More Iraqis accept their US-trained forces
Accused of being collaborators with American occupation forces, Iraqi policemen, guards, and soldiers have endured ridicule, threats, and targeted violence that have left hundreds dead over the past year.
But there are signs that hard-nosed attitudes toward the country's embattled, US-trained security forces are beginning to soften.
There is no way to tell the breadth of this apparent change in popular thinking. But some dozen security personnel in Baghdad and the flash point of Fallujah report that the views of their fellow Iraqis - tired of the continual burn of insecurity, car bombs, and kidnappings - are shifting.

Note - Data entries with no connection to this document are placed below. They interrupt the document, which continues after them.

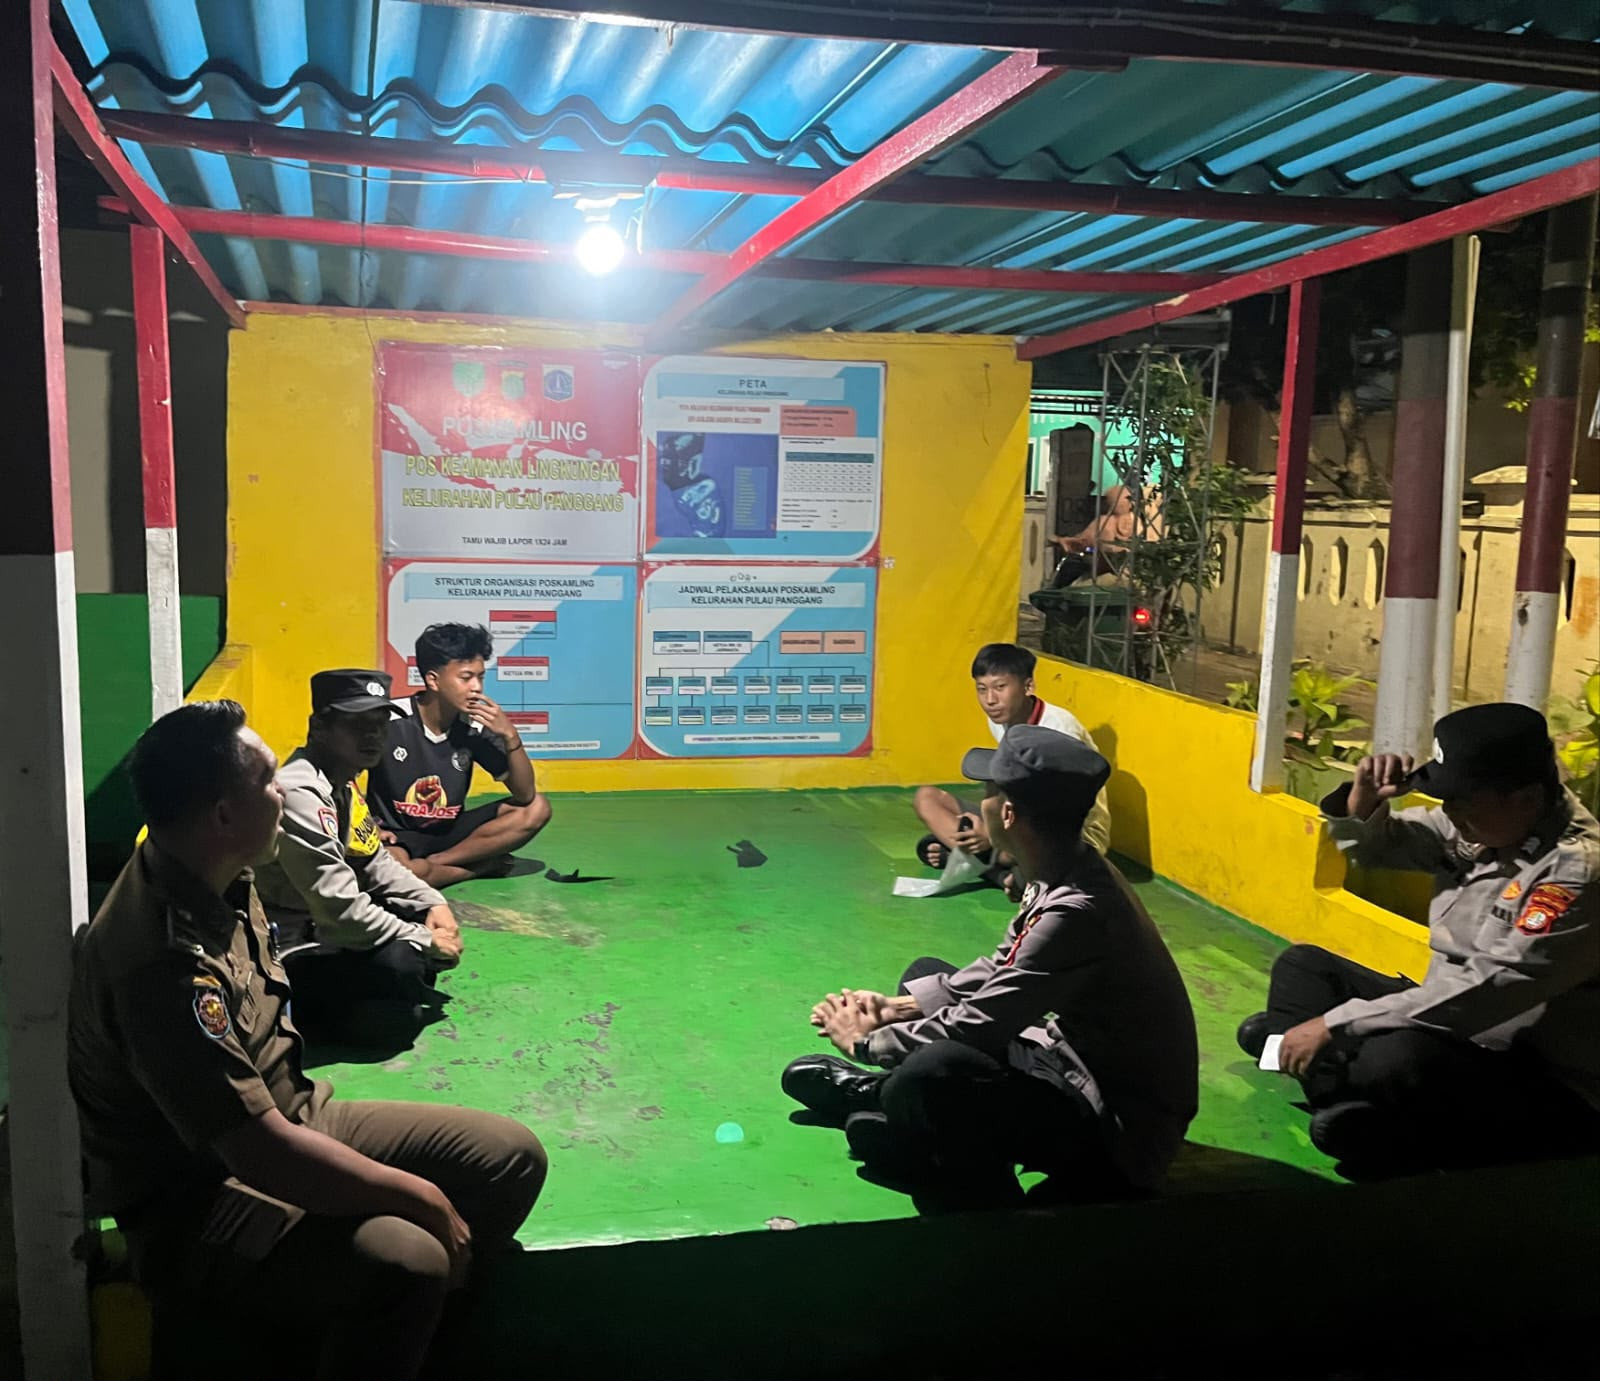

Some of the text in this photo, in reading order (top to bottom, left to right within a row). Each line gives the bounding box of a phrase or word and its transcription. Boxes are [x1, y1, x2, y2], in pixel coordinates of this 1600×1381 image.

[738, 379, 768, 389] PETA
[405, 455, 621, 482] POS KEAMANAN LINGKUNGAN
[402, 487, 625, 513] KELURAHAN PULAU PANGGANG
[461, 536, 482, 545] TAMU
[484, 537, 507, 545] WAJIB
[508, 537, 534, 545] LAPOR
[552, 538, 568, 546] JAM
[435, 577, 595, 588] STRUKTUR ORGANISASI POSKAMLING
[448, 588, 583, 598] KELURAHAN PULAU PANGGANG
[678, 585, 836, 595] JADWAL PELAKSANAAN POSKAMLING
[691, 596, 824, 605] KELURAHAN PULAU PANGGANG

"It is beginning to change," says Emad Abbas Qassem, a lieutenant in the Facility Protection Service (FPS), at his post outside a central Baghdad education ministry office. "It's not only the people, but my wife, my family and brothers tell me: 'Go to work and do your duty.' They used to be so afraid."

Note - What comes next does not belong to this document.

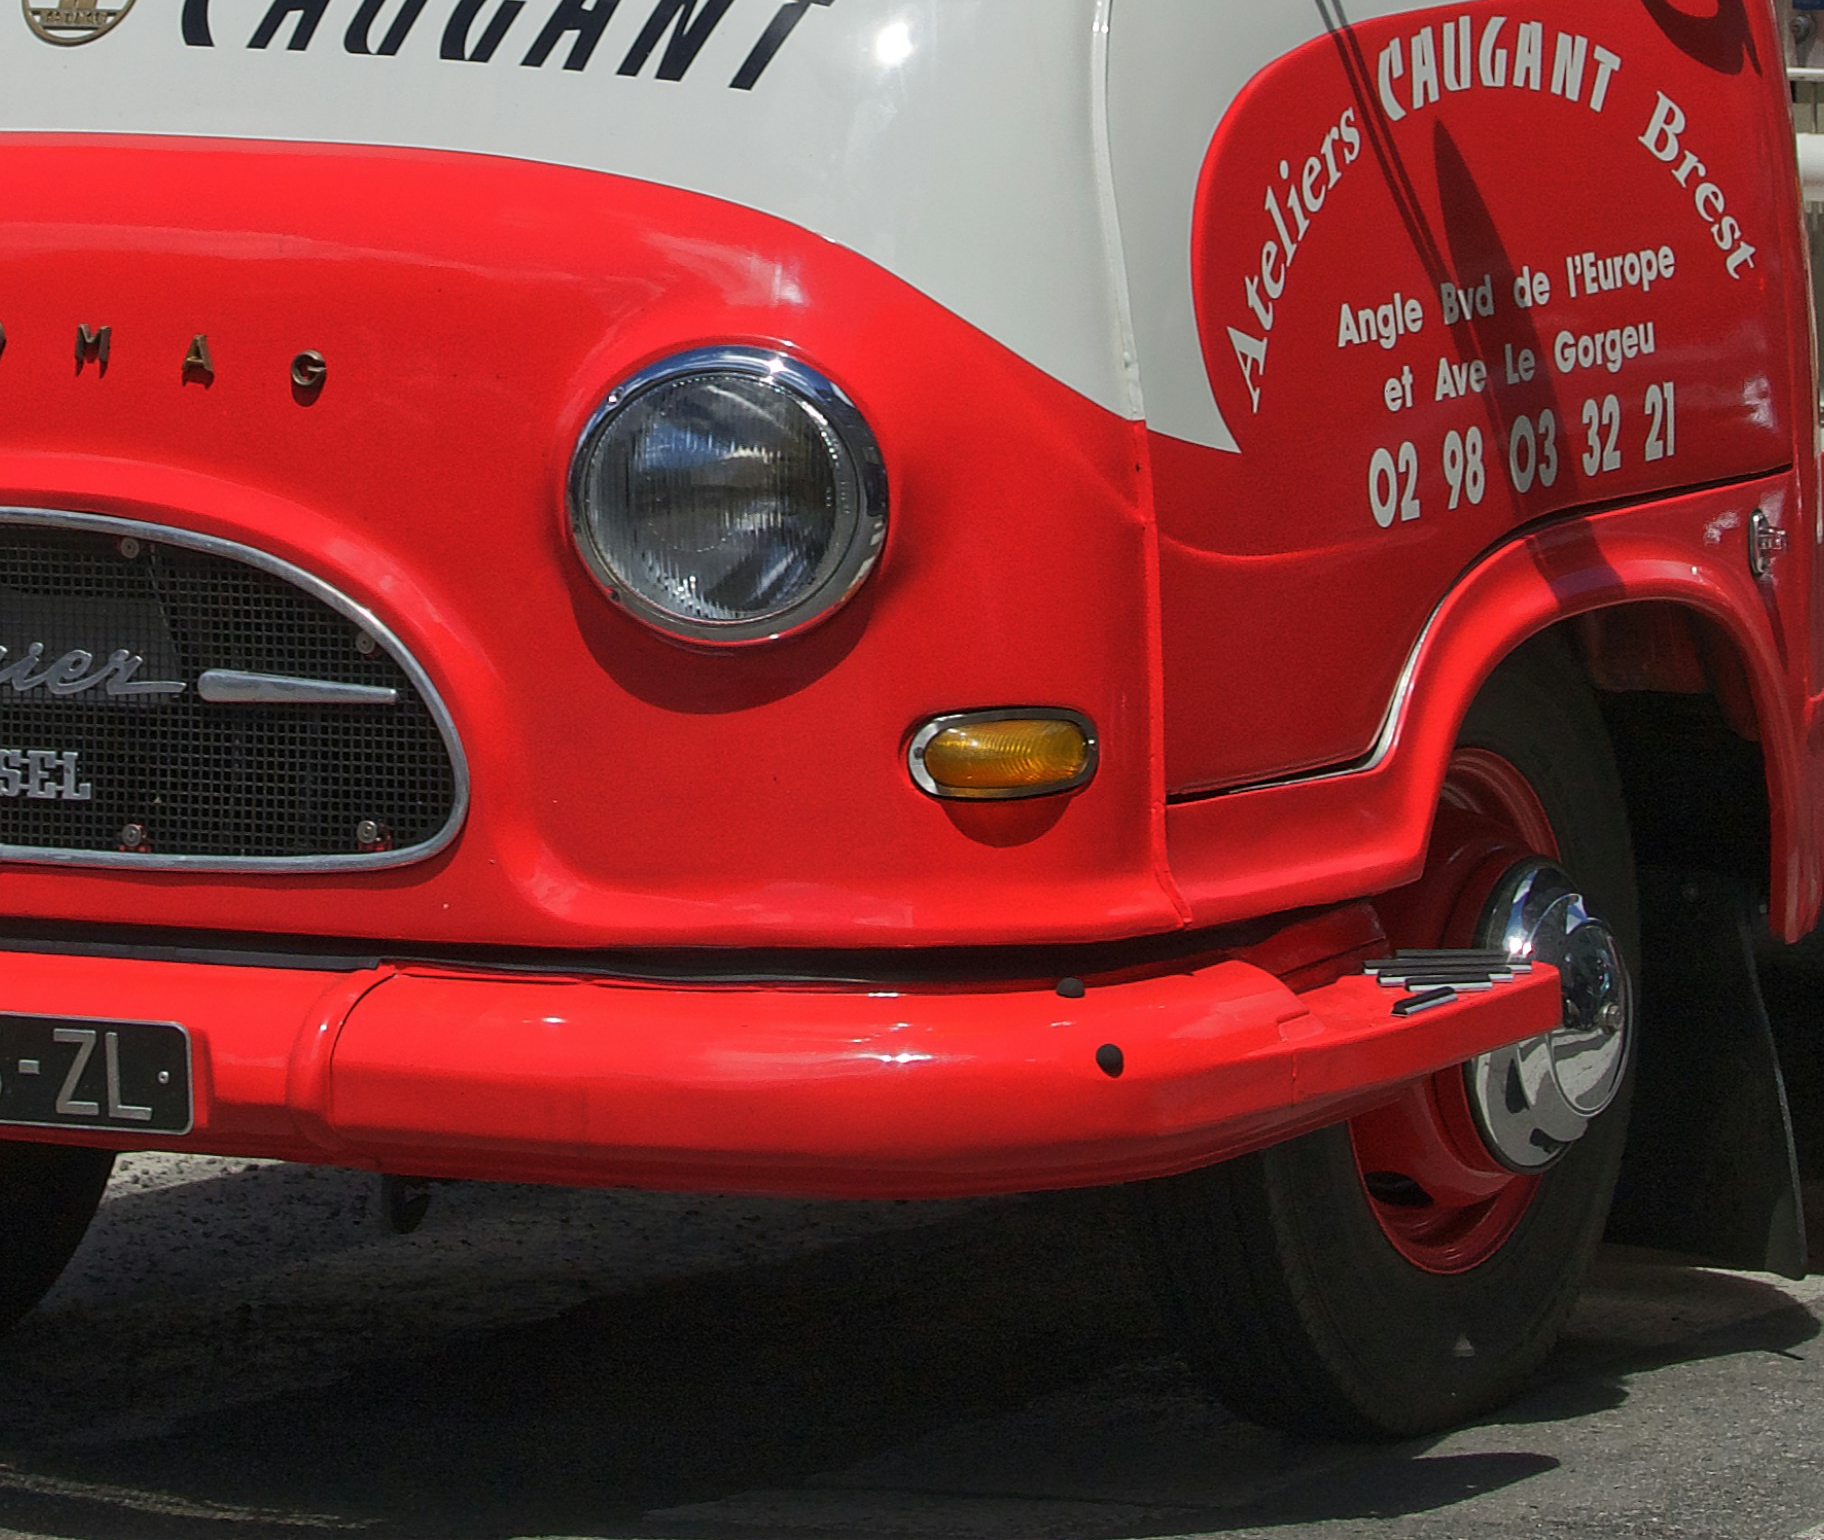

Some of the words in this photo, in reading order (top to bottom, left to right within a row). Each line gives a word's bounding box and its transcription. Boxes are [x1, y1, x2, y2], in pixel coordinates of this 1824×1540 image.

Indeed, the number of targeted attacks and casualties against security forceshas dropped in recent weeks, relative to previous months. At least 350 Iraqi police were killed in the first year of occupation; that rate dropped dramatically to roughly a dozen killed during April. Lieutenant Qassem estimates a 50 percent drop in the past month alone. "Because we were trained by the Americans, [Iraqis] dealt with us like we were Americans," he says.
US officers issued orders for the Iraqis to be on heightened alert since the Abu Ghraib prison photographs surfaced, but so far there appears to have been little retribution aimed at Iraqi forces.
"Now the people are beginning to understand that [Iraqi forces] are serving the country; before they thought they were all agents serving the Americans," says Shakir Jafar Jassim, a member of the local district council who has been recommended by a local US Army unit to serve as an FPS captain.
One event that has helped change the dynamic was the insurgent fighting that rocked Fallujah throughout April, followed by the introduction of joint Iraqi and US force patrols there - part of the US military's attempt to broker a solution.
"The reaction of people changed when [Iraqi forces] went to Fallujah, and were asked by Fallujans to protect them there," says Mr. Jassim. "Most attacks and car bombs came from Fallujah. But when [Iraqi forces] went to Fallujah, they realized they were there for them, not just for Americans."
A US Marine convoy made a test run through Fallujah Monday, the first of its kind since the weeks-long siege was dismantled 10 days ago. Not a shot was fired; US top brass Maj. Gen. James Mattis, commander of the First Marine Division, met with the mayor.
Members of that Fallujah force say that attitudes are softening even in their backwater city 30 miles west of Baghdad, where residents supported Saddam Hussein, and where numerous Baath Party officials and former intelligence agents have sought sanctuary since the fall of the regime.
Many security-force members in Fallujah refused to fight insurgents alongside US Marines in early April, a surprise that - after months of training - amounted to the "single most disappointing" breakdown in cooperation, in the words of one senior marine officer.
The Fallujah units of the Iraqi Civil Defense Corps (ICDC), the seed of the new post-Hussein Army, admit that most bowed out of the April fighting after evacuating their families from the city and receiving threats from insurgents.
"Before we suffered with [these threats], now it's good," says Khamiz Mahdi Saleh, an ICDC private in an oversized uniform during an interview at the Fallujah train station, where his unit kept guard alongside a Marine platoon.
"Before, the people of Fallujah did not know our job. All they knew is that we worked with the Americans, so we were bad," says Private Saleh. "Now they know the job - they see us taking over from the Americans, and they look well on us."
Though lightly armed, at best, the ICDC forces here say they are treated with greater respect now, and are even allowed to pray in the mosques. Before, they say, their uniforms alone led to expulsion.
"The people don't have any [negative] business with us," says Majid Kamel Mohamed, a private from Fallujah who joined the unit four months ago. "We do our job, and people wanted this, because they wanted a stop to the fighting. They want peace."
Maj. Ahmed Hamadi Khalaf says threats have been intense, and that "many people" have been pinpointed in cities throughout southern Iraq.
"I told my family that I am going to the new Army, to help save the country," says Major Khalaf, wearing eagles on his epaulets at the Fallujah rail station. "I've had [threats] before, but I don't care. These guys want to cause trouble in Fallujah, so it is not a safe place."
Some proof of the changing attitude is evident in the calm that has blanketed Fallujah, since the pull back of US Marine units. The ICDC has taken to the streets and manned checkpoints, with often little more than a few coils of barbed wire and an Iraqi flag.
Just as laid back, the FPS guards in central Baghdad continue to search Iraqis entering the education building. They were attacked there twice last year, when US forces kept a permanent presence.
US Army units now visit every couple of days - as they did Tuesday morning. They parked three Humvees in the lot and launched foot patrols.
"Things started changing in the last month," says Qassem. "Now people are encouraging me, because they want protection for sewage lines and water plants.
"The change is happening," echoes Jassim Kadhim, another guard. "My mother used to stay awake at night, worried about me. Now my mother is more comfortable, because the Americans left this neighborhood. It's safer."